The eroding foundations of the global economic system dominated much of the world’s business news in the first week of July.

  • Despite persistent happy talk from some quarters over the past few months of an economic recovery in the U.S., the stark reality of the financial mess the country’s elites have created struck home on July 8 with the release of a particularly dismal U.S. jobs report.

It showed unemployment statistics worsening across the board in response to a series of bad policy decisions by U.S. lawmakers, who seem incapable of dealing with the nation’s heavy and growing debt load, or encouraging a healthy climate for business. Global stock markets responded with waves of selling in the ensuing trading days.

Markets then stabilized, but U.S. Federal Reserve Chairman Ben Bernanke gave fresh impetus to the precious metals sector on July 13, by saying the U.S. central bank could ease monetary policy again if the U.S. economy continues to flounder.

On Bernanke’s words, the spot gold price jumped US$17 to new, all-time, nominal record highs above US$1,585 an oz. on the afternoon of July 13 in New York, while silver futures rose US$2.58 to US$38.23 per oz. Gold prices are now up an astounding US$383 per oz., or 32%, from a year ago, while silver prices have risen US$19.85 per oz., or 109%, in that time.

  • In Europe, worries over chronic sovereign-debt problems have come back with a vengeance. Fallout from the Greek debt crisis has newly affected Portugal and Ireland, and is spreading to the larger economies of Italy and Spain.

The behaviour of Italian and Spanish bonds is starting to imitate those patterns seen earlier in Greek, Portuguese and Irish bonds, putting new strains on lenders in northern Europe. French banks alone have some US$650 billion in exposure to Italian and Spanish bonds, and mainstream commentators are now openly questioning the viability of the European Monetary Union, whose break-up will have varied political fallout.
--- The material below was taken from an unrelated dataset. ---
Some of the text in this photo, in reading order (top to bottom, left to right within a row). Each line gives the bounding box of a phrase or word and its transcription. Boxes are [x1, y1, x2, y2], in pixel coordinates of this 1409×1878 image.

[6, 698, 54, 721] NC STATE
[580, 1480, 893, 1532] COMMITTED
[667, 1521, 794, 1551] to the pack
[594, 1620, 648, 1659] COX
And all these troubles are happening in a low interest-rate environment. Interest rate hikes of even 200 to 300 basis points would have devastating impacts on sovereign debt interest payments, and ratchet up the debt crisis to a whole new level economically and politically.

This continuing damage to the credibility of global financial instruments and the eagerness of central banks to debase their countries’ currencies translates into continued strength in precious metals prices, as the choice of financial safe havens keeps narrowing.
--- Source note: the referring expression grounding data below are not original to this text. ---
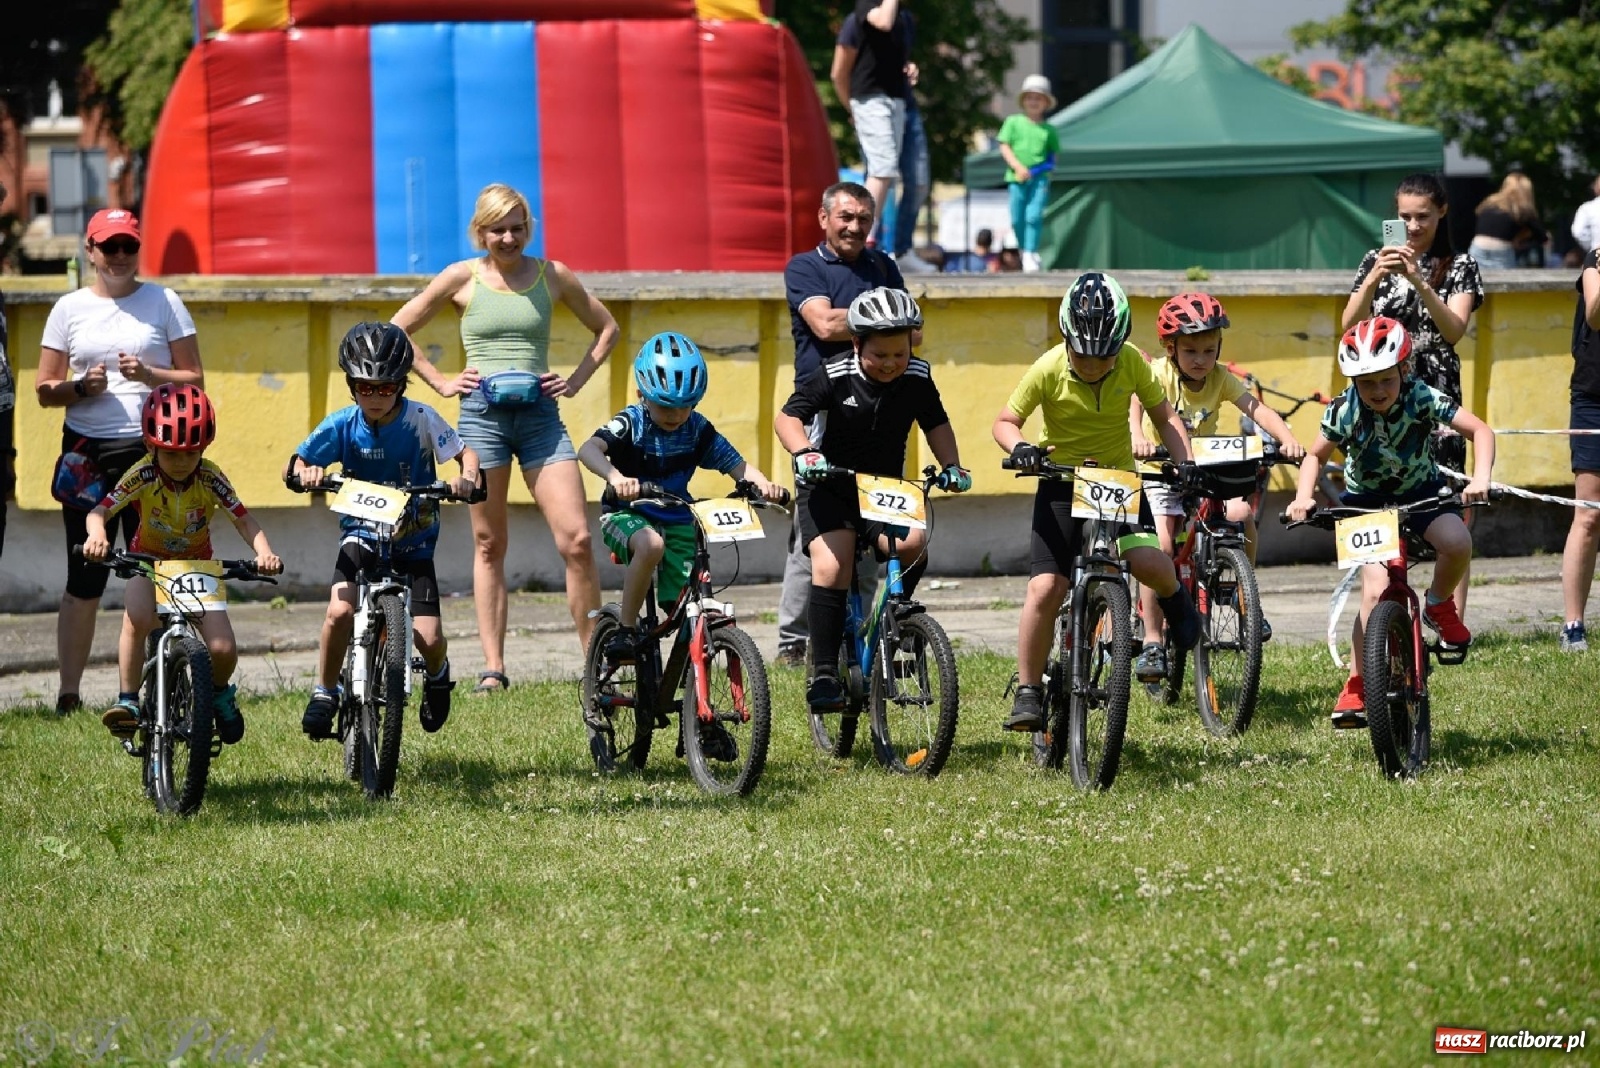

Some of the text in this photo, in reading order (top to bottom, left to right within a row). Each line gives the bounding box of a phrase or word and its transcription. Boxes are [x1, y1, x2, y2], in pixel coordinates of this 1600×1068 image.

[1210, 438, 1244, 450] 270
[353, 493, 388, 509] 160
[875, 492, 907, 510] 272
[1090, 485, 1125, 504] 078
[713, 511, 743, 526] 115
[1351, 529, 1383, 549] 011
[175, 577, 208, 594] 111
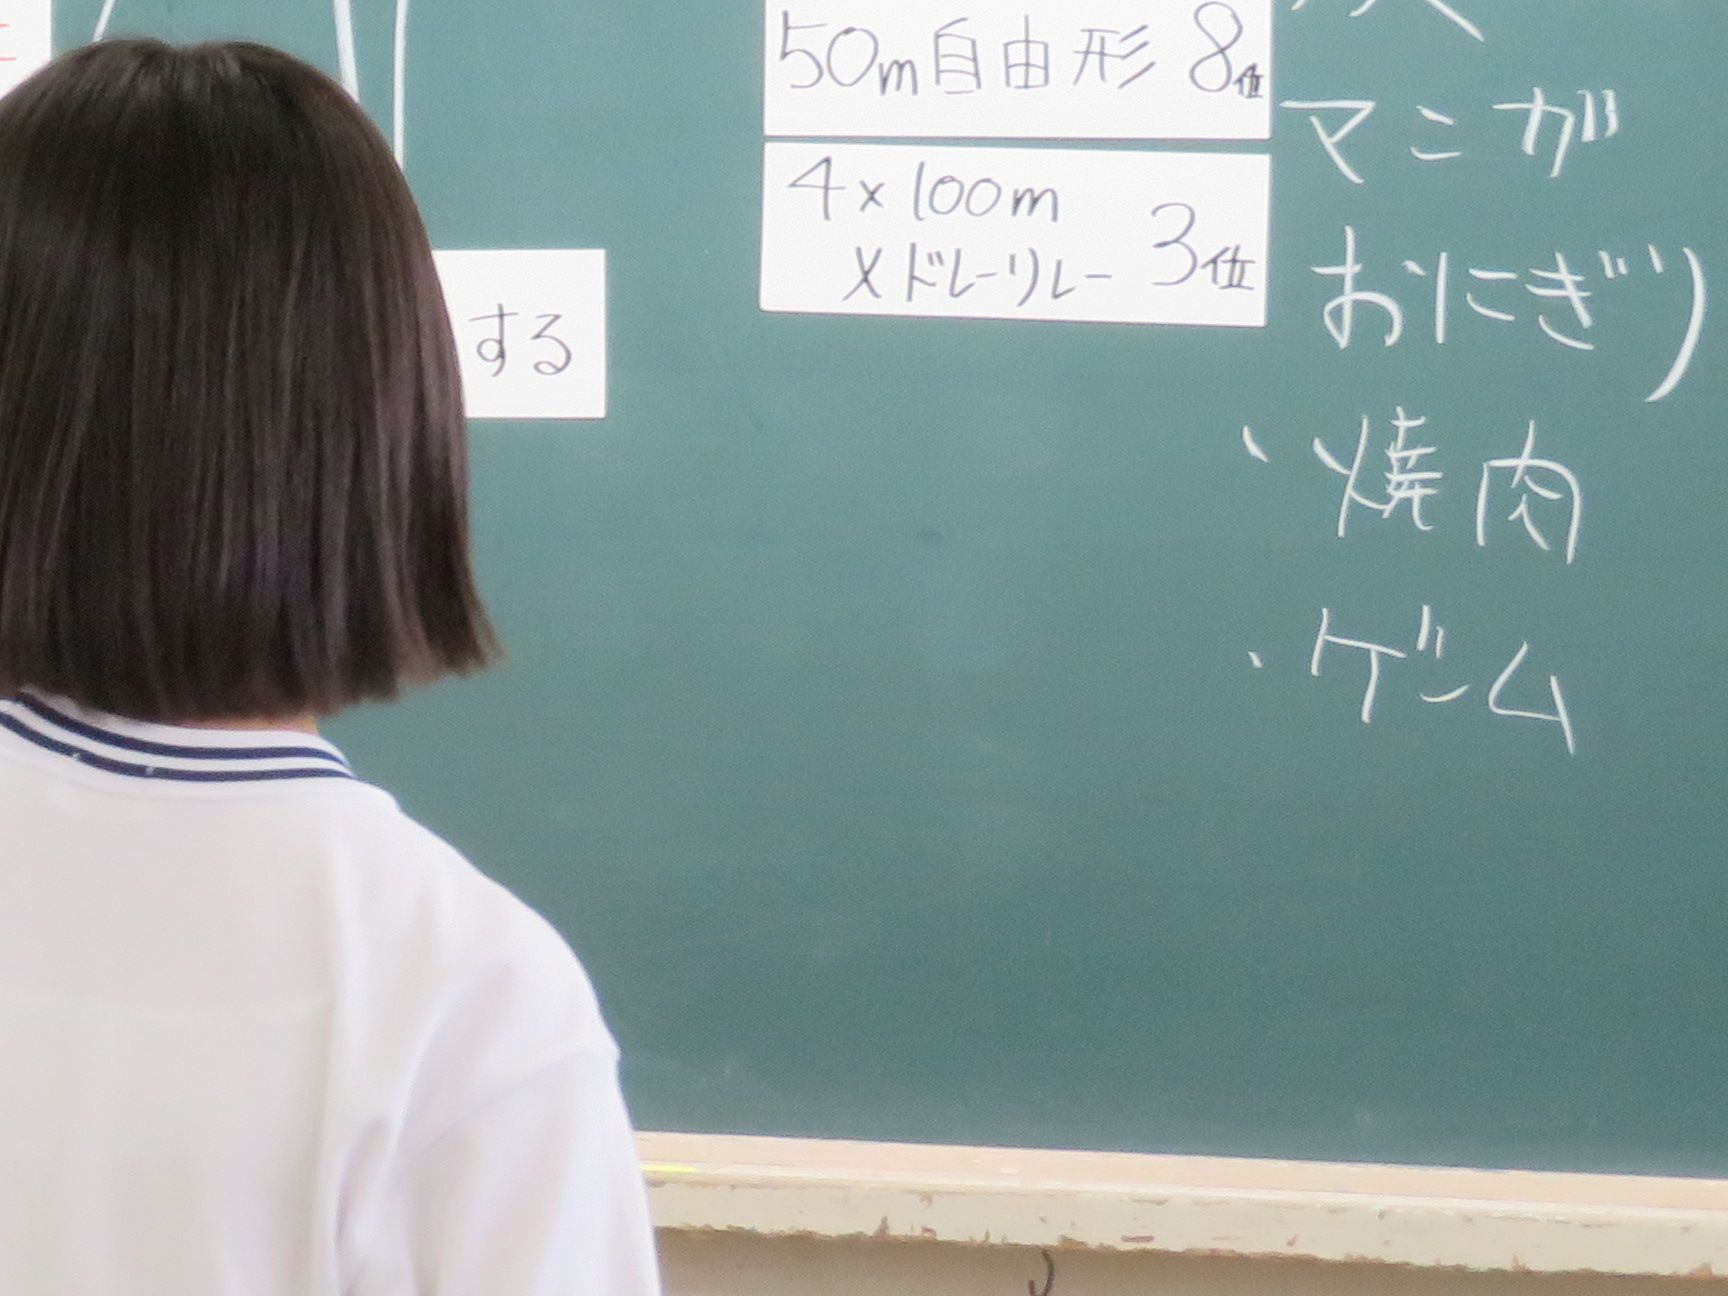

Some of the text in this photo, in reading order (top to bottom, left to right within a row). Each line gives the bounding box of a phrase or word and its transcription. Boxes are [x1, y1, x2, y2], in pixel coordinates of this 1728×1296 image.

  • As we go to press, Northgate Minerals has tabled a surprise, friendly all-share offer for Joe Conway’s Primero Mining that represents a 13.9% premium to Primero’s closing share price the day before the offer.

Northgate and Primero shareholders would own 69% and 31% of the resulting company, respectively, which would have a market capitalization of $1.2 billion and be sitting on some 13 million oz. gold in reserves and resources.
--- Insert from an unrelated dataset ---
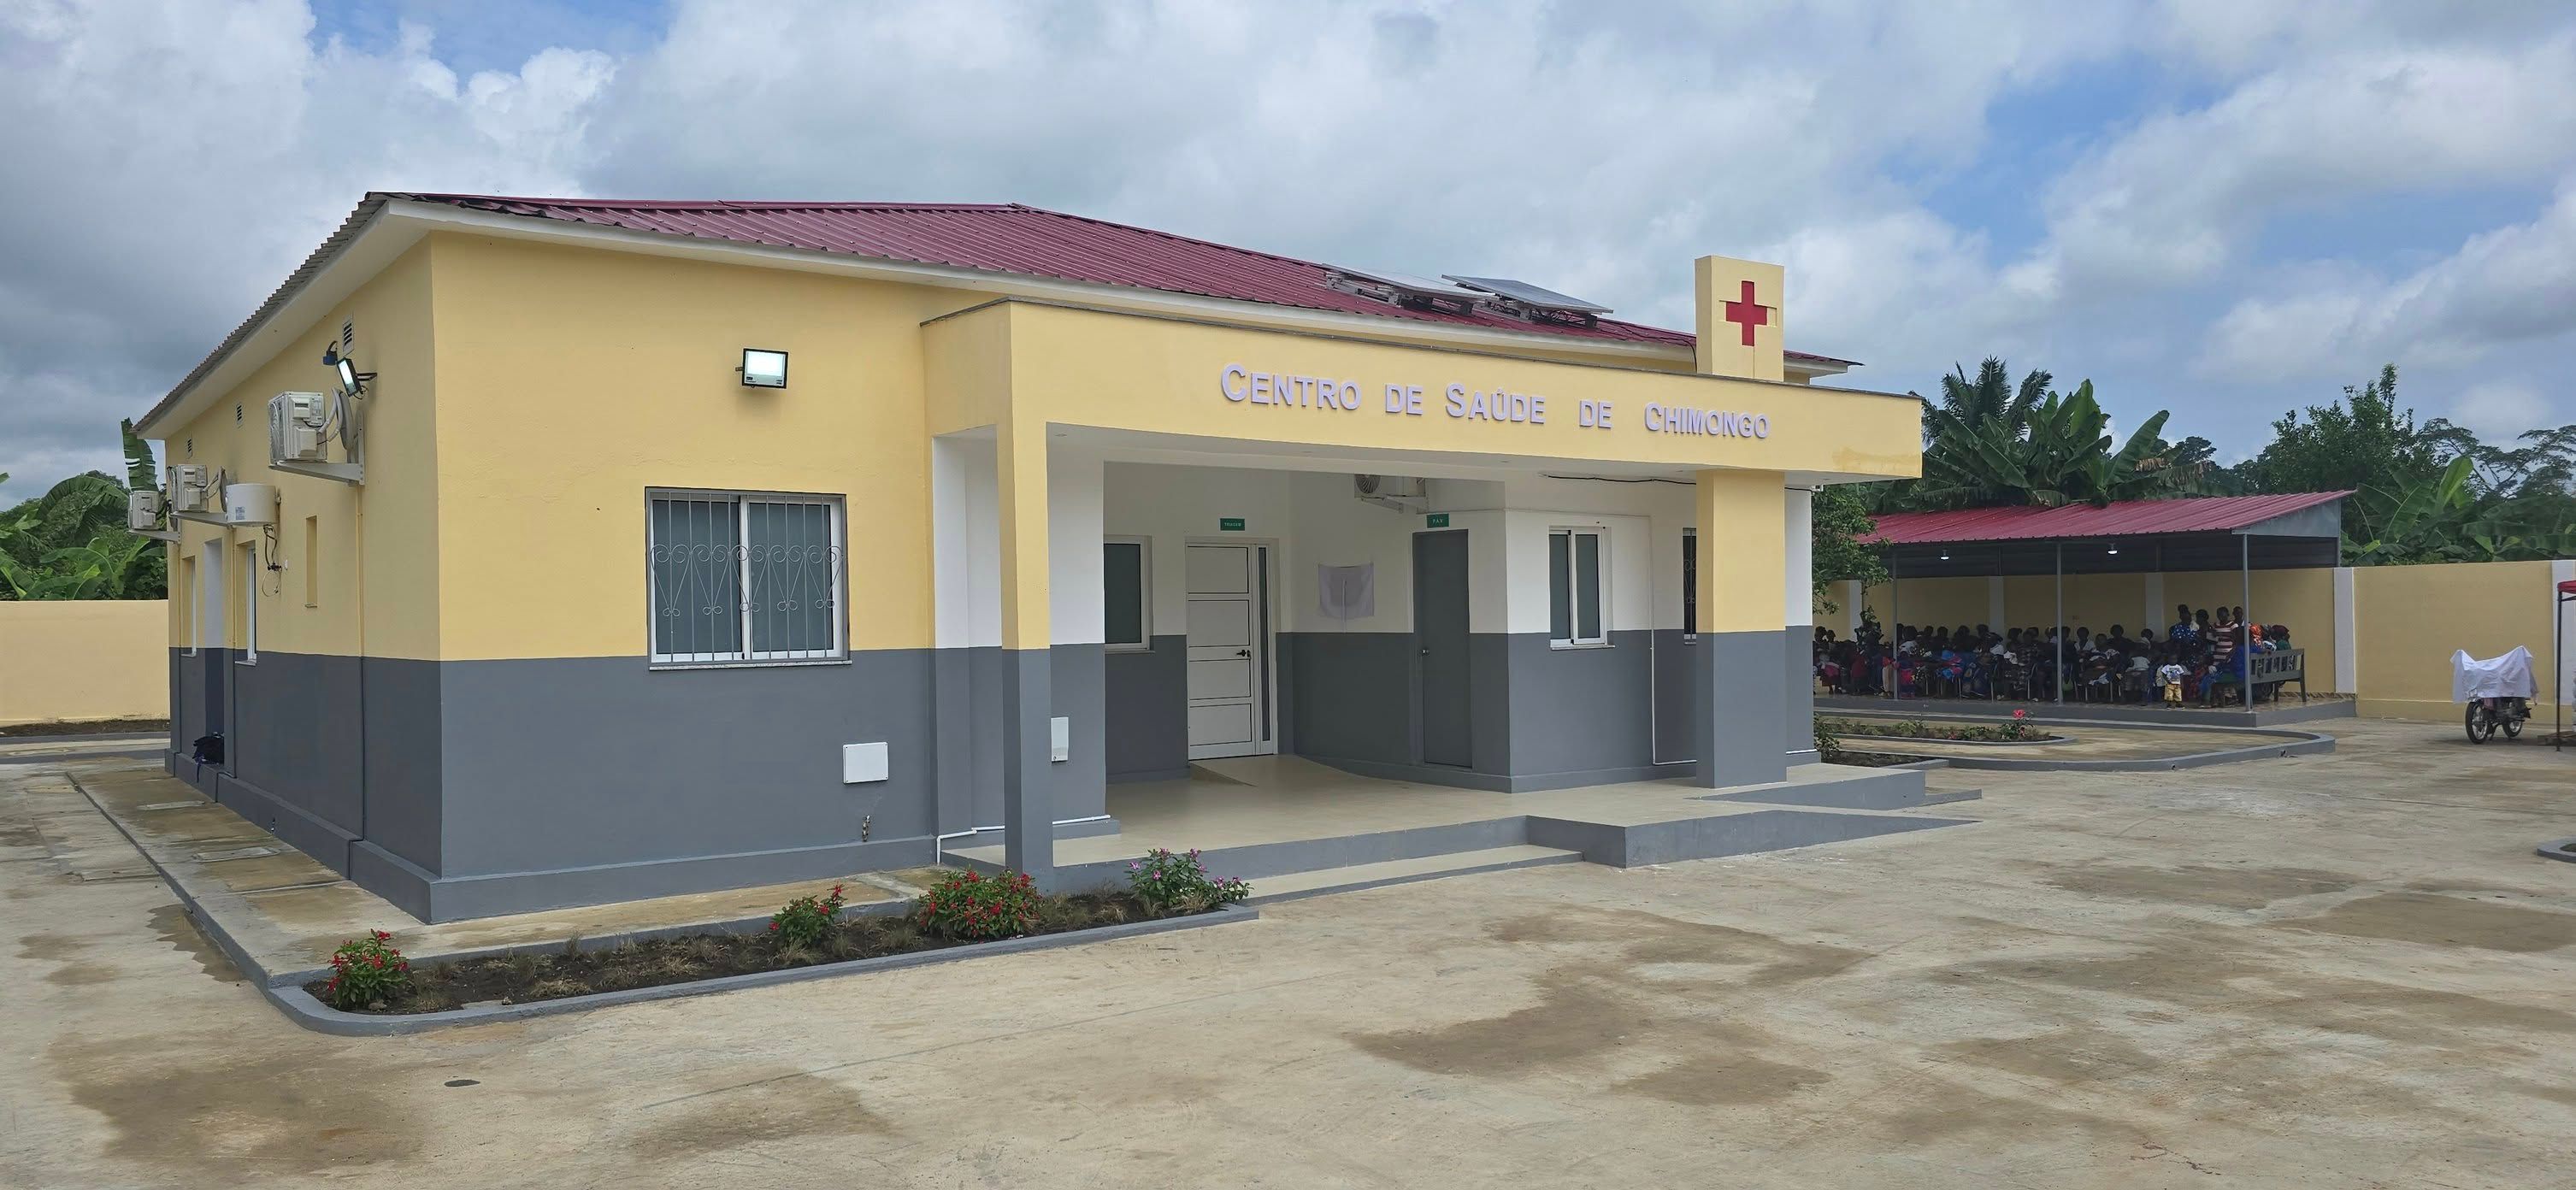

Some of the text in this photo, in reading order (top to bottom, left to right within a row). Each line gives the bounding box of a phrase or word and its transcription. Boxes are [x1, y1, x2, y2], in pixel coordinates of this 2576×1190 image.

[1220, 363, 1771, 439] CENTRO DE SAÚDE DE CHIMONGO
The deal would take Primero’s sole significant asset, the newly producing San Dimas gold-silver mine in Mexico’s Durango state, and fold it into Northgate’s stable of gold assets that includes the operating but struggling Fosterville and Stawell gold mines in Australia and the promising Young-Davidson gold mine, under construction in Ontario.

The combined company would produce a pro forma 320,000 oz. gold in 2011, but would ramp up to 550,000 oz. in 2013 as Young-Davidson comes on-stream and San Dimas is expanded. A wild card is Northgate’s large Kemess North copper-gold deposit in B.C., which appears technically economic but has been undeveloped owing to fierce opposition from local First Nations bands.

The deal looks to be a positive one in just about every way, with risks being spread over more assets, bigger and more-consistent cash flow, and a deepening of the management talent pool, who are all proven mine-builders. Downsides are the logistical challenges of a small company operating mines in three far-flung countries, and the unresolved tax issues on San Dimas’ silver production.

Goldcorp, which owns 35.5% of Primero as result of vending San Dimas, has already given its blessing to the deal, which is expected to close in a couple months barring any rival bid.